Opening with track ‘Old Man’, What Was Ours Can’t Be Yours sets a high standard for itself. As delicate, hypnotic beats swell cautiously beneath Anne Lise Frøkedal’s haunting vocals, the current single’s gentle, dreamy atmospherics bloom into a complex array of clacking percussion, keys and staccato strings. With every move precisely planned, next song ‘The Visitor’ takes the album up a notch: its surging, guitar-led rhythm bursting forth from the speakers. A more sumptuous arrangement than its lo-fi predecessor, Frøkedal’s soothing voice coos over the momentous tribal inspired drum rhythms. Turning decidedly more prog than pop, the warped, distorted guitars of Blonde Redhead-esque ‘Mountains’ usher in a brooding, bleak aesthetic that becomes more listless than compelling.

As we delve deeper into the 11-track record, glitchy industrial bass, indie-pop key changes, frantic percussion, crisply enunciated lyrics and hauntingly slow minimalism punctuate the cerebral, tentatively playful yet overwhelmingly mournful soundscape. Having slightly lost itself around the halfway mark, stunning highlight ‘Sailing Home’ provides the album with some much needed momentum. Drenched in reverb, the strings swell beautifully against snapping snares, quivering high notes and stentorian, layered vocals that descend into a furious cacophonous, swirling instrumental duel.

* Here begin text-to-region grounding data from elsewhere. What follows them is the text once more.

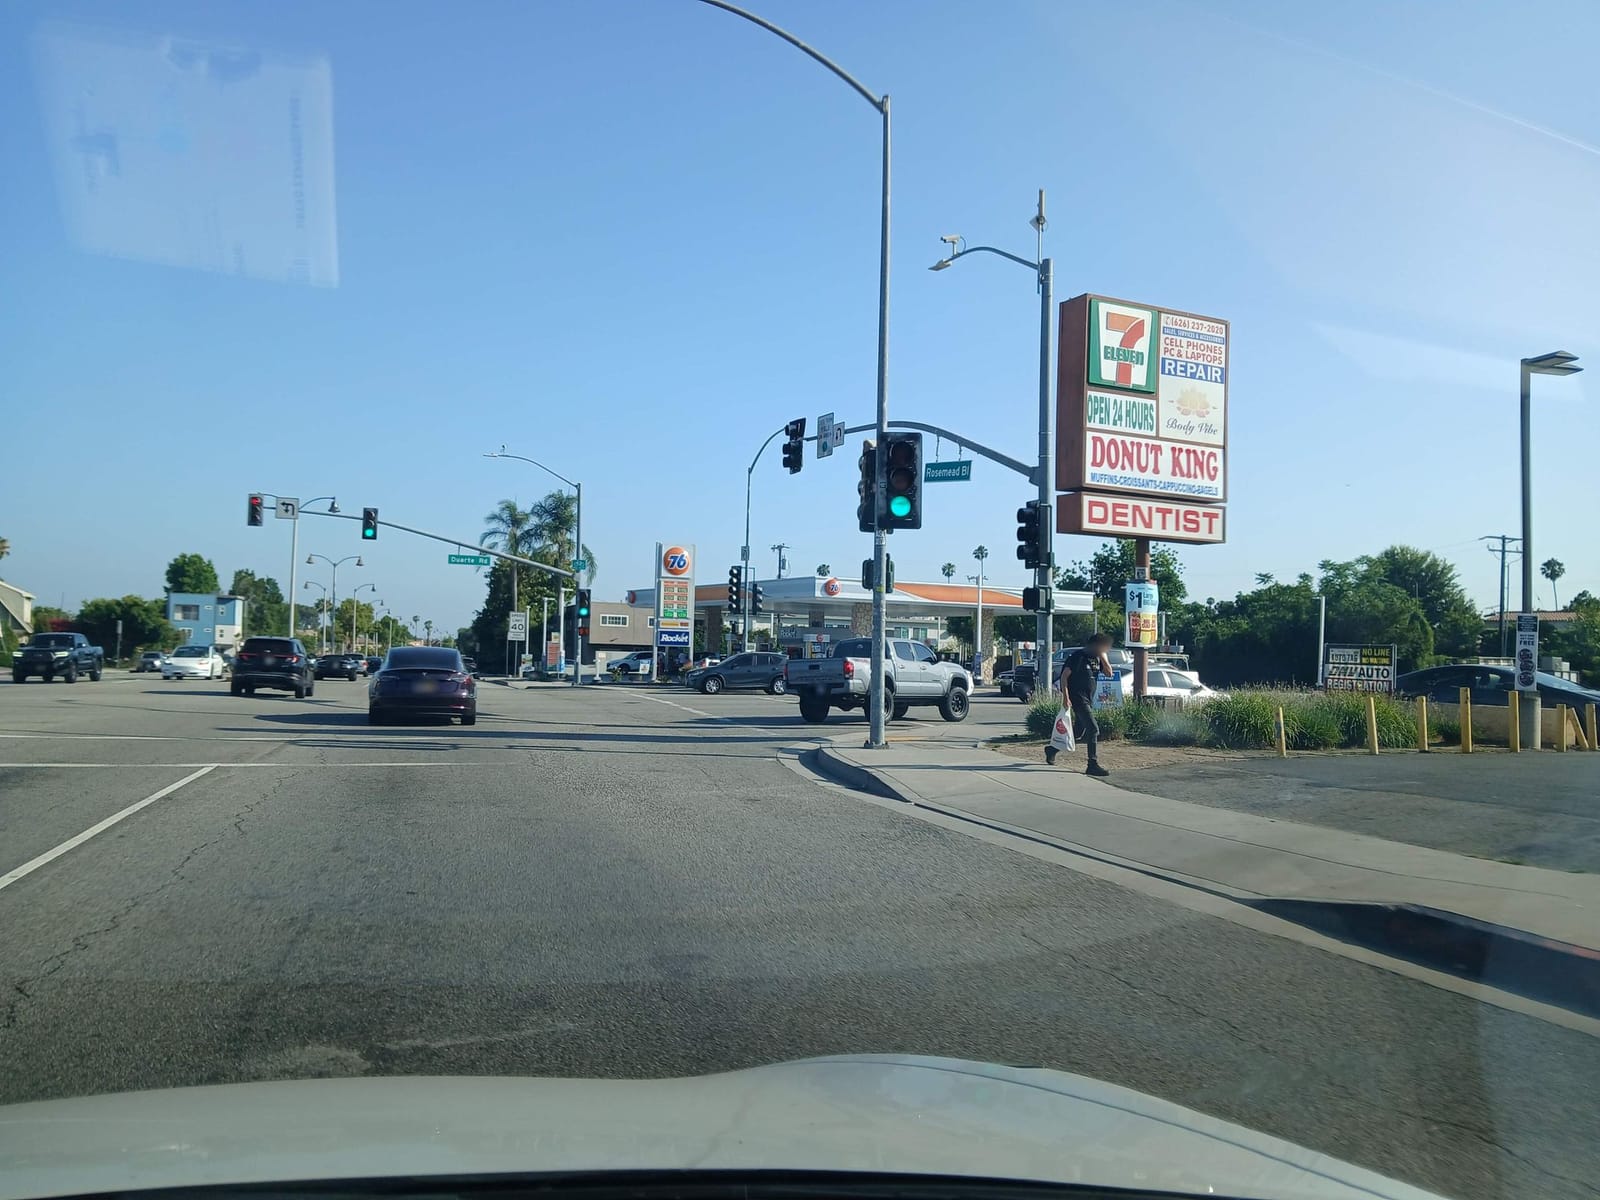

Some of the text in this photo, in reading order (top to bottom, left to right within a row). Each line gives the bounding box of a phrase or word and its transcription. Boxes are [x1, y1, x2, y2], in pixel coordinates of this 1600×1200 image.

[1171, 317, 1224, 335] (626) 237-2020
[1106, 311, 1145, 385] 7
[1163, 337, 1223, 355] CELL PHONES
[1163, 347, 1223, 365] PC & LAPTOPS
[1164, 360, 1222, 383] REPAIR
[1087, 395, 1154, 432] OPEN 24 HOURS
[1166, 417, 1218, 435] Body Vibe
[1091, 435, 1219, 481] DONUT KING
[926, 465, 961, 478] Rosemead
[1088, 500, 1219, 534] DENTIST
[451, 556, 475, 564] Duarte
[669, 554, 687, 569] 76
[830, 584, 839, 592] 76
[1129, 590, 1142, 608] $1
[511, 623, 524, 631] 40
[661, 632, 688, 642] Rocket
[1362, 648, 1373, 656] NO
[1374, 648, 1390, 656] LINE
[1359, 667, 1390, 678] AUTO
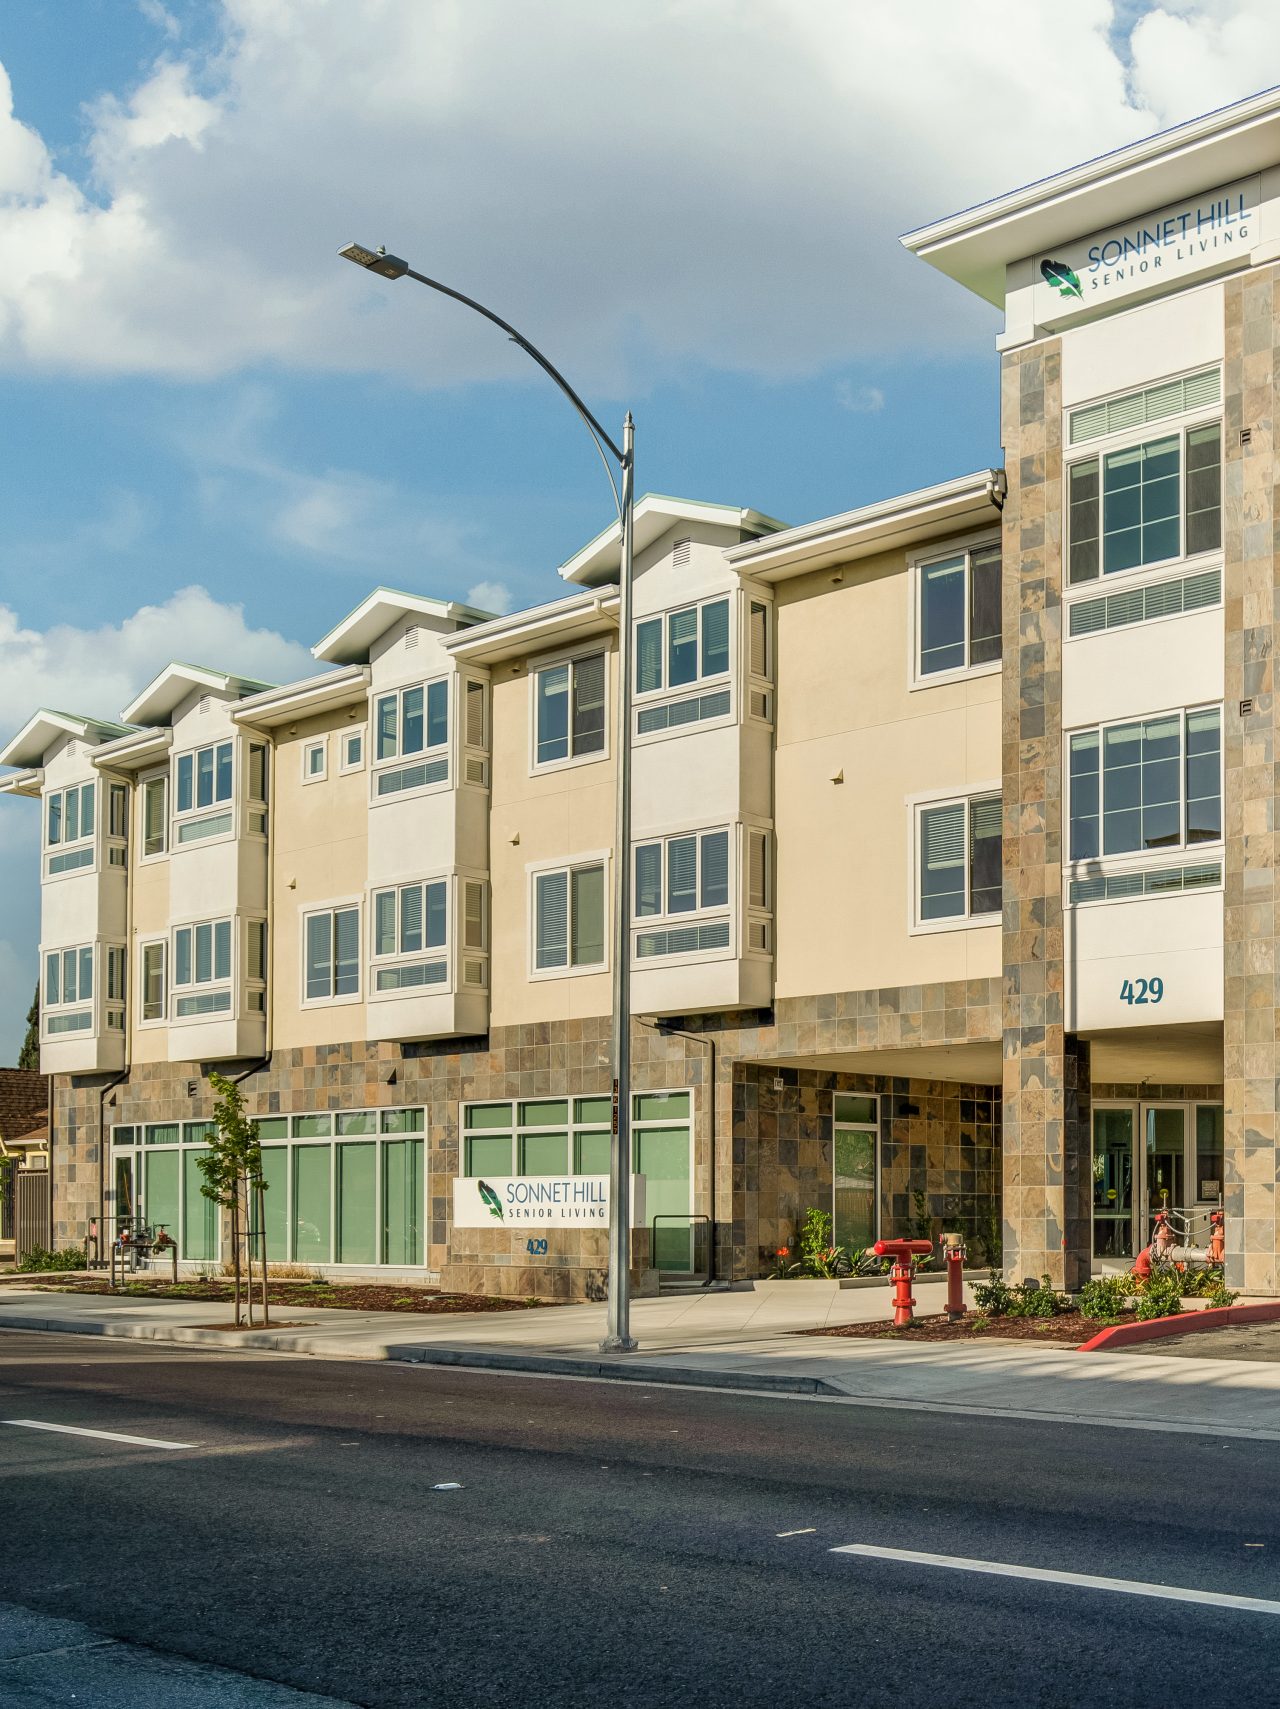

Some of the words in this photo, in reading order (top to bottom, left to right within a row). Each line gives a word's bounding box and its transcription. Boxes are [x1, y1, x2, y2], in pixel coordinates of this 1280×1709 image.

A hazy mix of shimmering chimes, sultry pop vocals, heavy guitars and haunting beats What Was Our Can’t Be Yours proves that while Harrys Gym create subtly infectious, often breath-taking melodies they need to explore their own distinct, obscure aesthetics further if they are to fully step out of the shadows. That is if they want to, after all perhaps the understated shadows will see them thrive.